= Instructions to follow =
Leaving out only the pictures, write out all the entries exactly.

(Excerpts from a dataset)
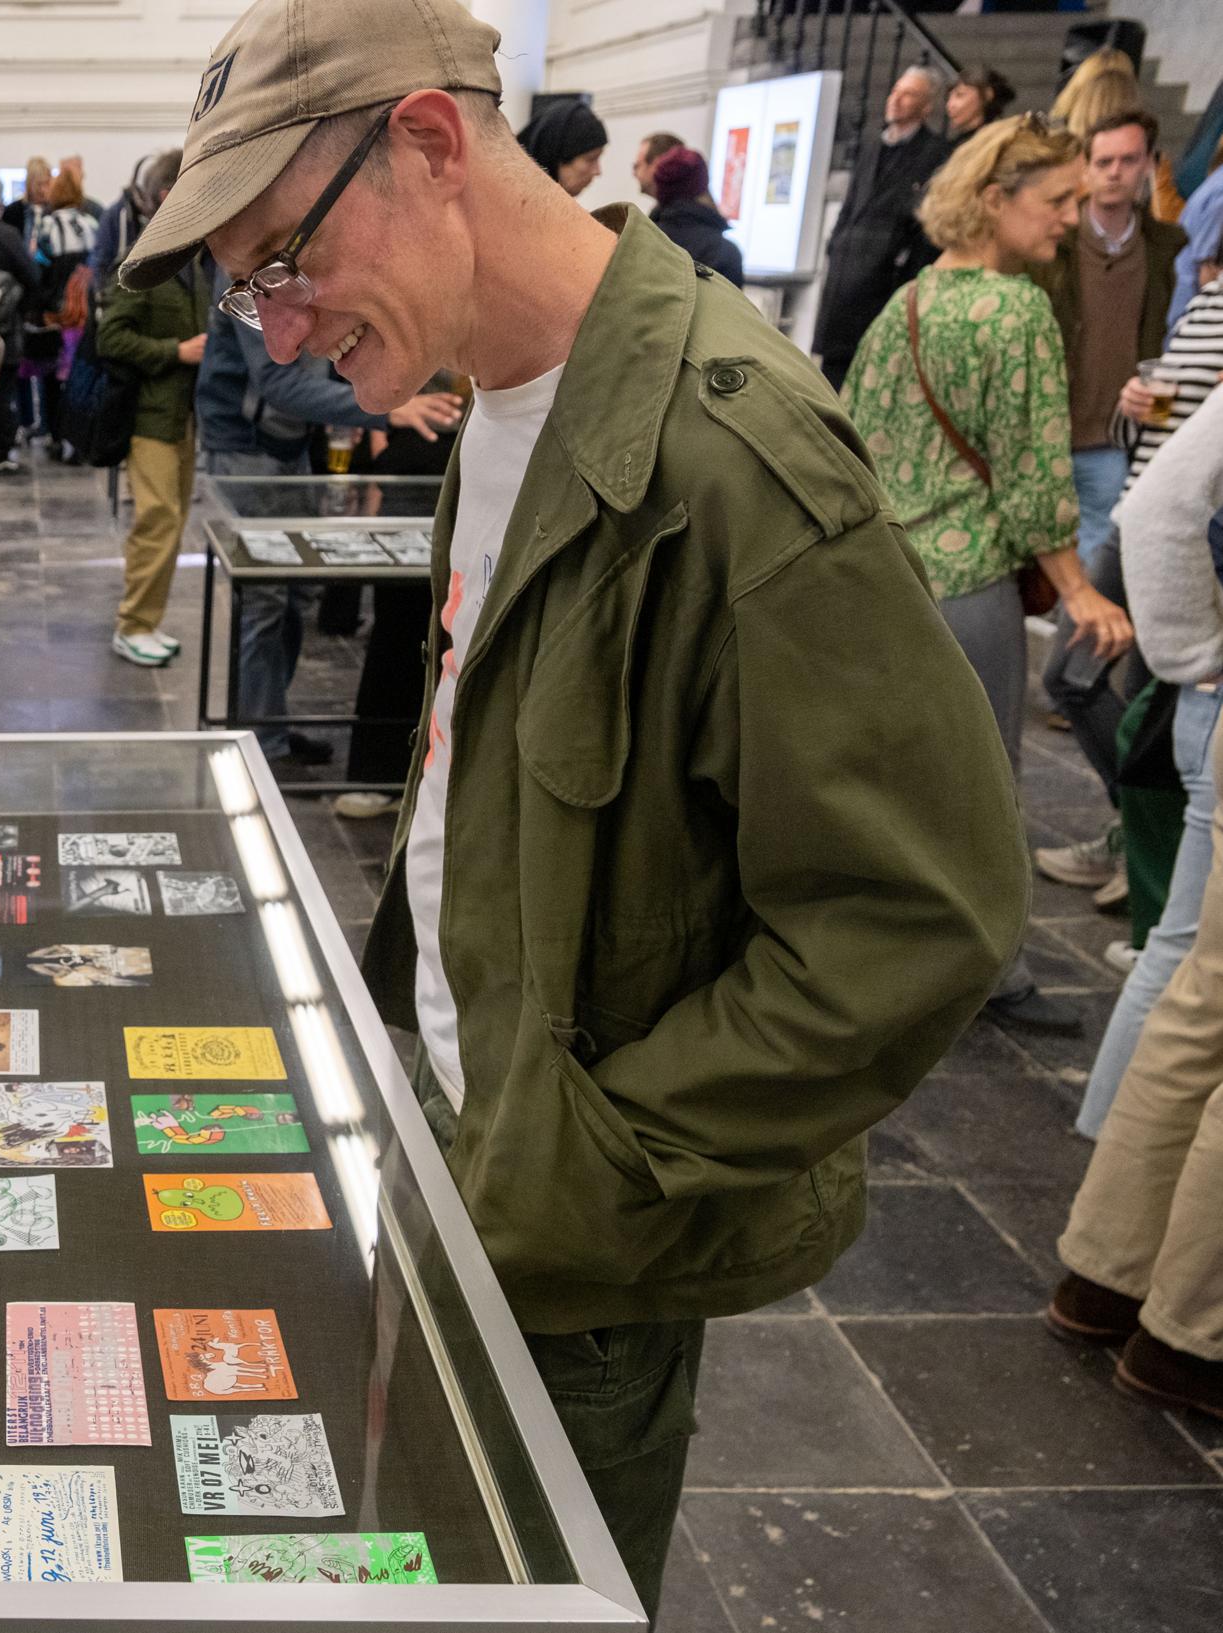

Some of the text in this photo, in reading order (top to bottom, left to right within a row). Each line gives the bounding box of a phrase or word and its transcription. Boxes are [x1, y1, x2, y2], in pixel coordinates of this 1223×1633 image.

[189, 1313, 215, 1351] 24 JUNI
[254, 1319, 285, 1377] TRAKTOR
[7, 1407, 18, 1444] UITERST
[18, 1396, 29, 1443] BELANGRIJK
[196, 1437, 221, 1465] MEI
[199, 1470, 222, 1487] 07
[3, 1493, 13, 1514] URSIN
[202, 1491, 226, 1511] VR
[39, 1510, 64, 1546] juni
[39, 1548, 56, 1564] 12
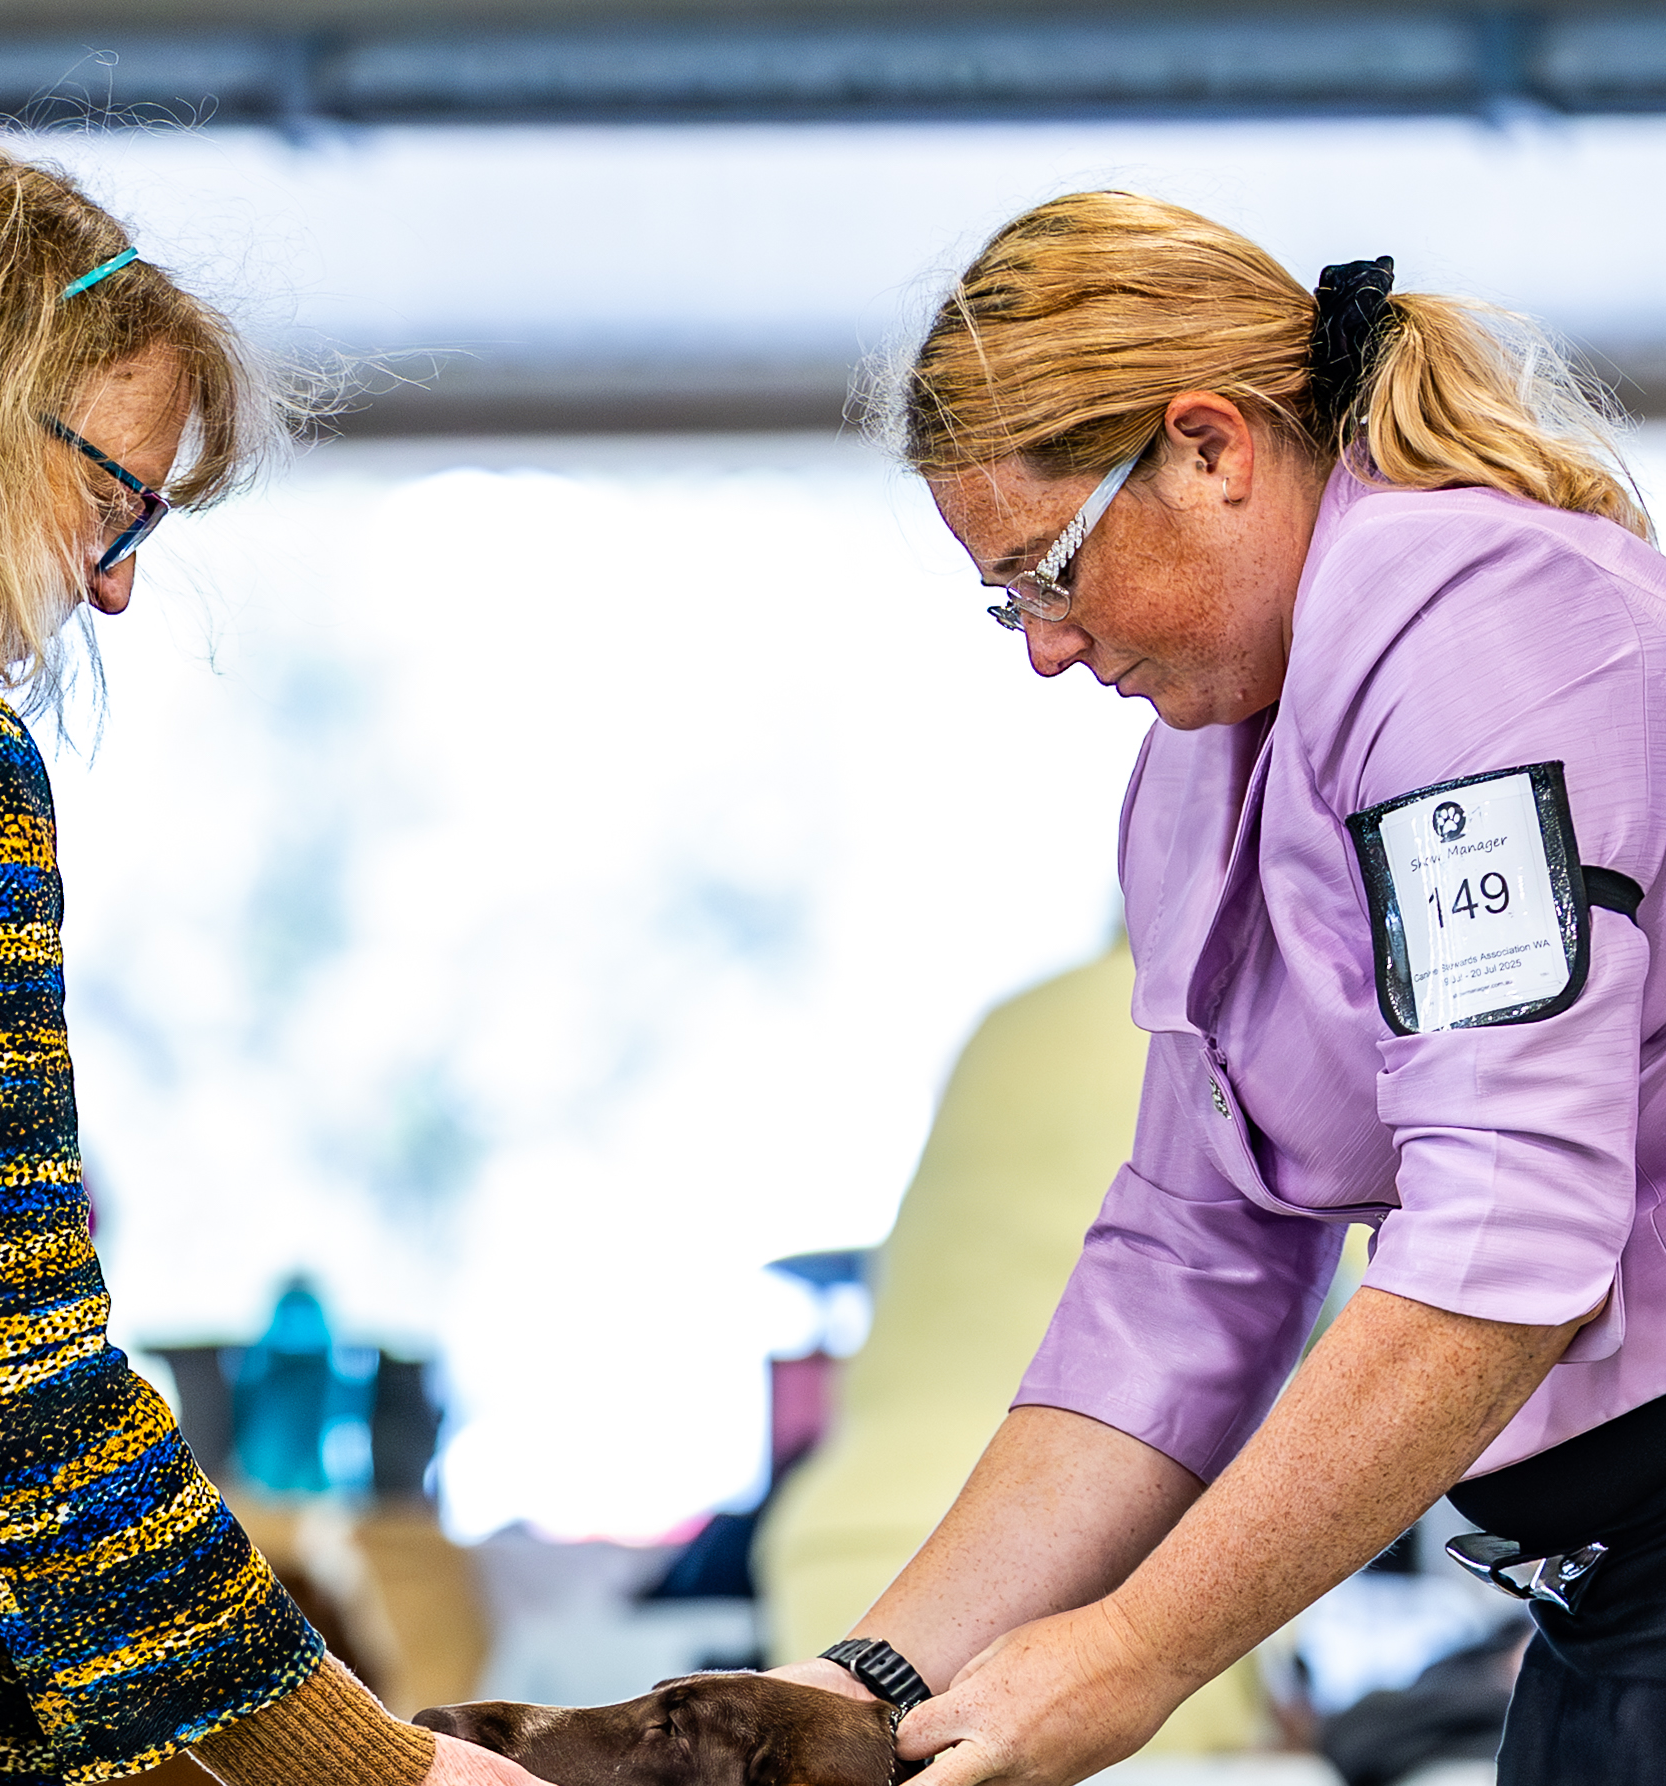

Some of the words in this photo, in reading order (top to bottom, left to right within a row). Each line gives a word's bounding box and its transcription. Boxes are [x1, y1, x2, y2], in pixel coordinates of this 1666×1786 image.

= Answer for this exercise =
Some of the text in this photo, in reading order (top to bottom, left to right within a row). Each line gives the bounding box of a phrase or word and its transcription. Boxes are [x1, y1, x2, y2], in pixel coordinates of this 1223×1633 image.

[189, 1313, 215, 1351] 24 JUNI
[254, 1319, 285, 1377] TRAKTOR
[7, 1407, 18, 1444] UITERST
[18, 1396, 29, 1443] BELANGRIJK
[196, 1437, 221, 1465] MEI
[199, 1470, 222, 1487] 07
[3, 1493, 13, 1514] URSIN
[202, 1491, 226, 1511] VR
[39, 1510, 64, 1546] juni
[39, 1548, 56, 1564] 12

Some of the words in this photo, in reading order (top to bottom, left to right within a row). Each line gives a word's bounding box and its transcription. Boxes are [x1, y1, x2, y2], in pixel coordinates of this 1666×1786 image.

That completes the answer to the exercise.